O planach zgłoszenia poprawki do ustawy dowiedział się reporter radia TOK FM. Tym samym na listach wyborczych będziemy mieć tak naprawdę 35-procentową kwotę dla pań, a nie parytet (czyli dokładnie 50 proc.). Poprawkę zgłosi posłanka Agnieszka Kozłowska-Rajewicz.
Propozycja 35 proc. jest zgodna z poglądem Bronisława Komorowskiego. Z drugiej strony prezydent-elekt obiecywał na niedawnym Kongresie Kobiet, że jeśli Sejm uchwali 50 proc. parytet, to ustawę parytetową w takiej postaci również podpisze.

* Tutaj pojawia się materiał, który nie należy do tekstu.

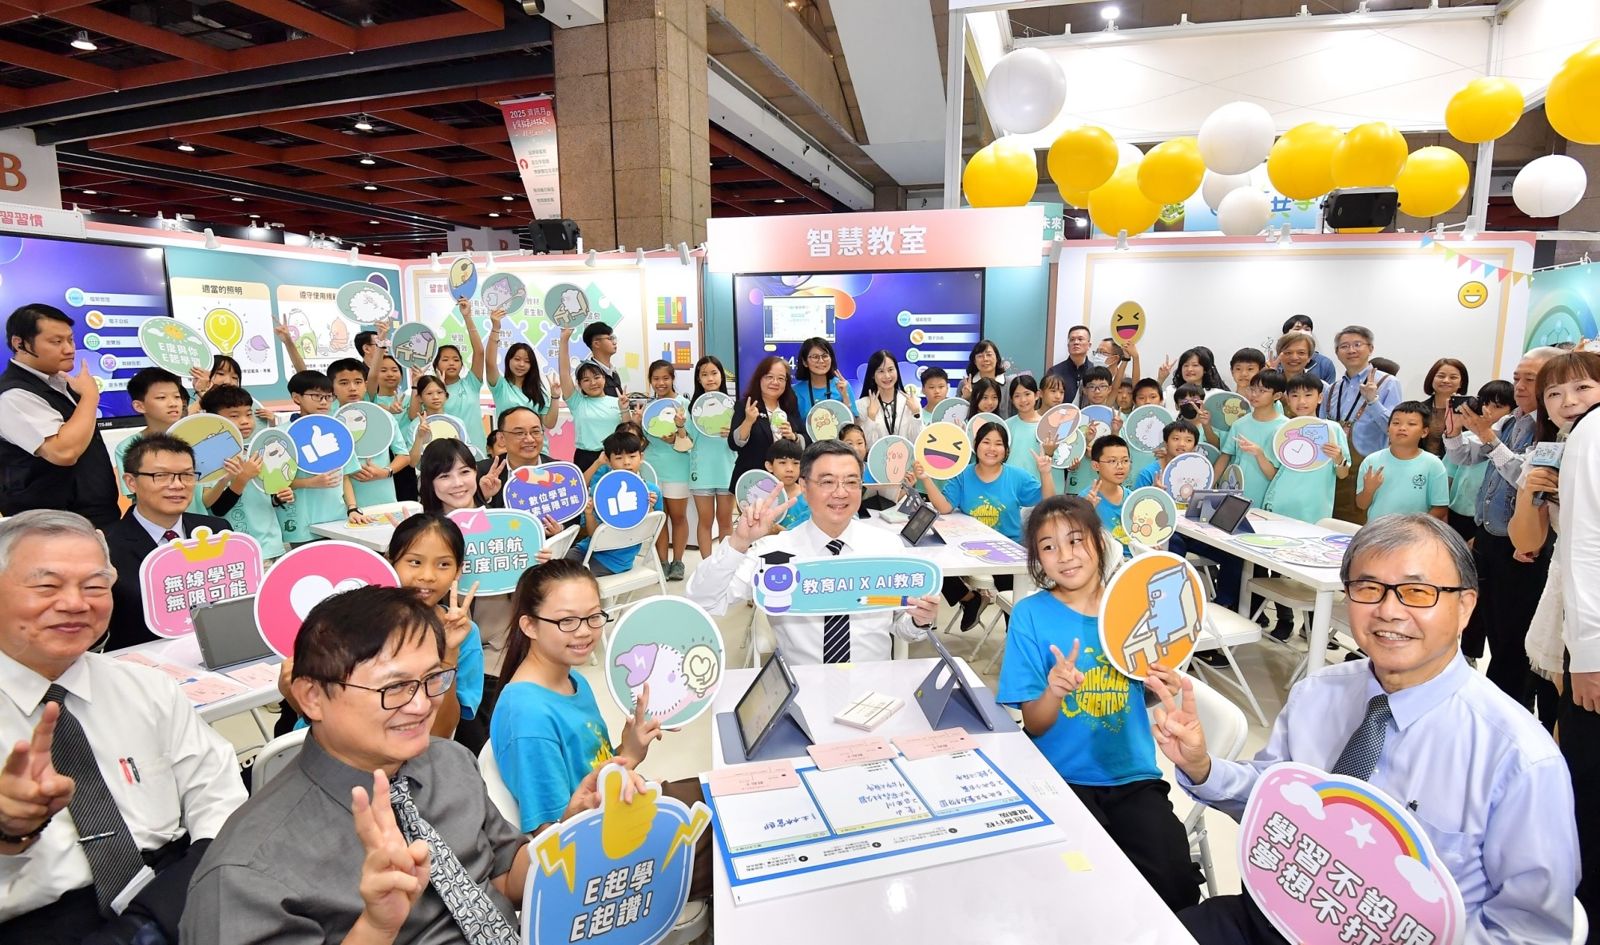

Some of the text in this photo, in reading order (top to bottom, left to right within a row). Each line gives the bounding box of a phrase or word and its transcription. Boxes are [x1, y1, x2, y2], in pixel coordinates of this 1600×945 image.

- 50 proc. powoduje, że taka lista wyborcza jest mało elastyczna. W niektórych okręgach tak jak w Warszawie jest dużo kobiet aktywnych, przygotowanych do polityki. Ale są też przecież okręgi, gdzie jest więcej takich mężczyzn. Tam więc takie listy tworzone byłyby na siłę - powiedziała TOK FM Agnieszka Kozłowska-Rajewicz z PO.
Postulat zrównania liczby kobiet i mężczyzn na listach w wyborach parlamentarnych i samorządowych popierają feministki i organizacje kobiece. Posłowie pracują obecnie nad obywatelskim projektem ustawy o parytetach.